One possible way of improving DRAM performance is to exploit
the wide bandwidth within DRAM chip (2-3 orders of magnitude larger than
CPU-memory bandwidth), to copy large amount of data quickly in a single DRAM
chip. Such operations can occur in a DRAM read cycle. In a traditional DRAM
chip, a row of bits is read into a latch upon a RAS signal. After reading the
individual bit within this row, the latched row must be written back to the
same row (since reading operation is destructive). If we can write the content
of latch into an arbitrarily specified row in the same DRAM chip when
refreshing, we can actually copy hundreds of bytes of data in just two DRAM
cycles.
Memory copy operations (memcpy(), bcopy(), etc)
are intensively used in text processing application, networking services,
video/image streaming and operating systems, with different block sizes and
alignment property. In our project, we focus on the opportunity and usefulness
of fast block copy operations in DRAM. This report will introduce our
implementation of DRAMs supporting fast block copy and the simulation results
using fast block copy operations.
The rest of this paper is organized as follows. In section 2,
we will discuss related works. In section 3, we describe the methodology used
in our experiments. In section 4, we will briefly introduce traditional DRAM
organization and how to extend the DRAM hardware to support different kinds of
block copies. In section 5, we present the experiment results and our analysis.
In section 6, we suggest future directions and conclude.
2. Related
works
Many techniques have been used by memory manufactures to
improve the performance of DRAM. Extended data out (EDO) DRAM and synchronous
DRAM (SDRAM) have long been popular. Advanced interface technologies, such as
Rambus RAM (RDRAM), RamLink, and SyncLink are quickly emerging.
Application-specific memories, such as cache DRAM (CDRAM), enhanced DRAM
(EDRAM), video DRAM (VRAM) [3, 4], and Synchronous Pipelined DRAM (SPDRAM) [5],
have achieved better performance in their intended area.
The research community also proposed novel methods to
integrate DRAM with computation logics. For example, The Computational RAM
(C-RAM) brings SIMD computation logic into DRAM by implementing the logic-in
memory at sense-amps [10]. The Intelligent RAM (IRAM) architecture merges the
processor and memory into a single chip to reduce memory access latency,
increases memory size while saving power consumption and board area [9].
There are also many conventional methods to improve the
performance of block copy operations. Non-blocking caches allow the processor
to overlap cache miss stall times with the block movement instructions [11].
Data prefetching are also used to improve the performance of block copy.
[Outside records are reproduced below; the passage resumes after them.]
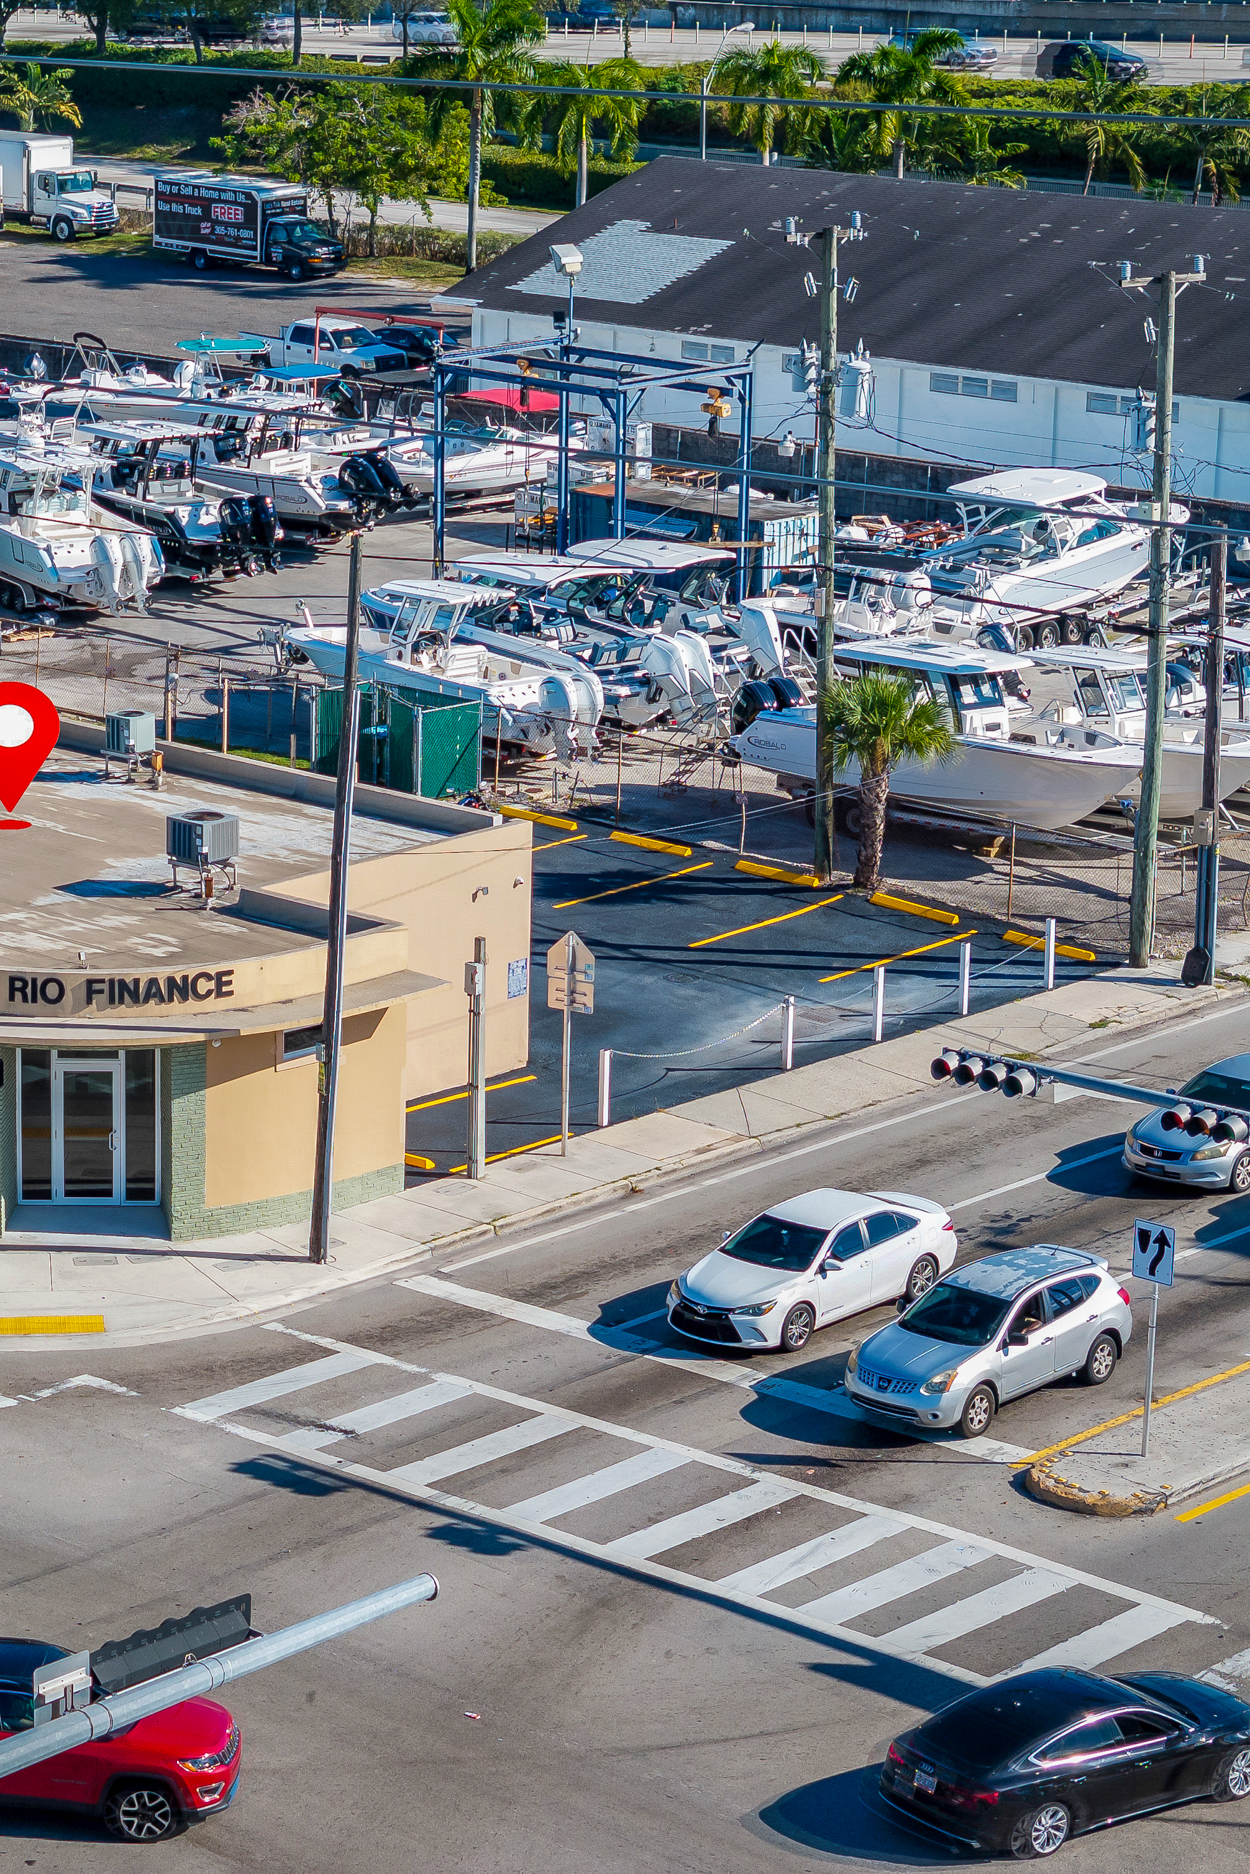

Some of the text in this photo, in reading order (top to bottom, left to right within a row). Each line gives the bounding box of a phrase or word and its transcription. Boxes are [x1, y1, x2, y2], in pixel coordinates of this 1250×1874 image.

[158, 181, 170, 195] Buy
[171, 185, 179, 194] or
[180, 184, 193, 196] Sell
[193, 188, 199, 197] a
[200, 187, 219, 199] Home
[220, 190, 235, 201] with
[158, 200, 203, 216] Use this Truck
[212, 205, 244, 221] FREE!
[753, 738, 787, 750] ROBALO
[8, 975, 66, 1005] RIO
[86, 968, 235, 1006] FINANCE
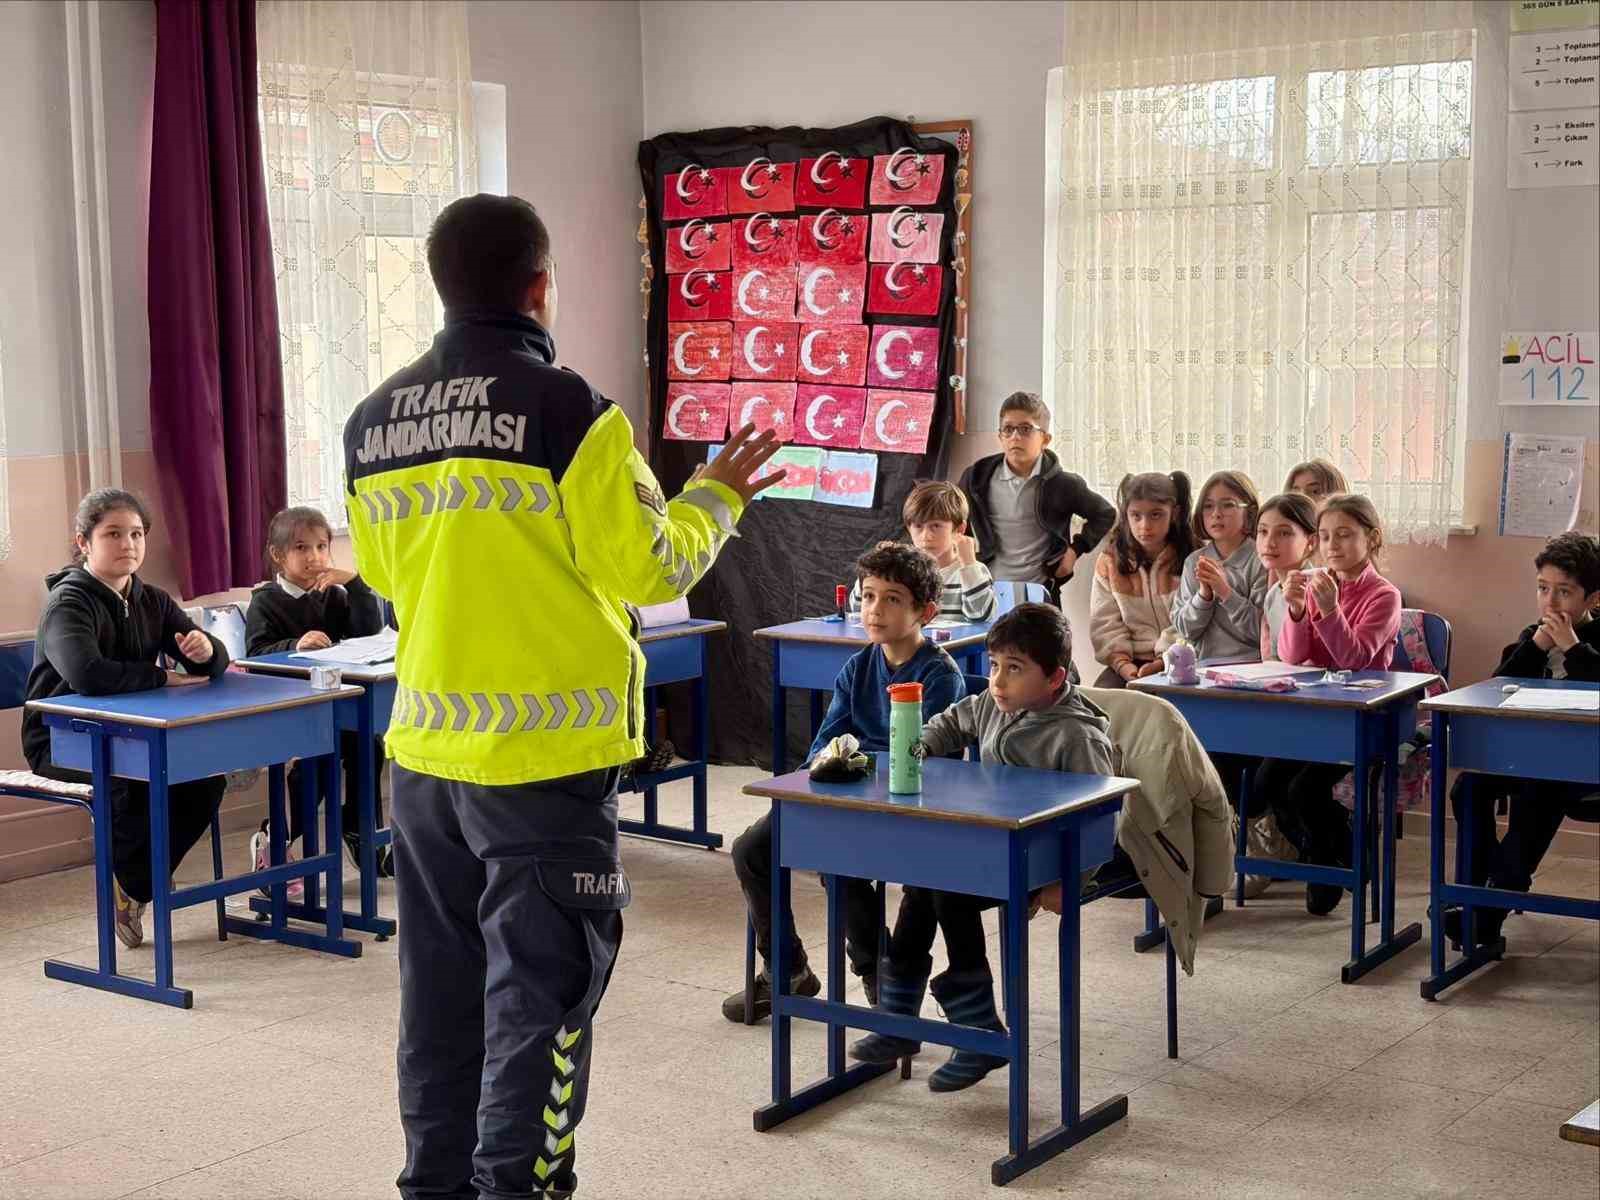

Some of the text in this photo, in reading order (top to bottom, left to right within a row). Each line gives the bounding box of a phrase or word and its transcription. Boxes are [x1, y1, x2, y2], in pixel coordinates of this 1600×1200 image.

Usually the data cache can be bypassed when block transfer operations are
performed. [12] studies the operating system behavior of block copy within IRAM
architecture, which provides complementary result with our project (due to the
restriction of SimpleScalar, we can only observe the behaviors of
applications in user level).
3.
Methodology
We use SimpleScalar 2.0 as our simulator, in which we add
an assemble instruction, blkcp. This instruction is based on the
hardware support of block copy operation within DRAM chip. It can copy a whole
row of DRAM to another new row during the refreshing period of DRAM operation
in 2 cycles, or subrow copy in 3 cycles. We run our simulator on the office
PCs: Pentium III processor running at 733MHz, with 256MB main memory.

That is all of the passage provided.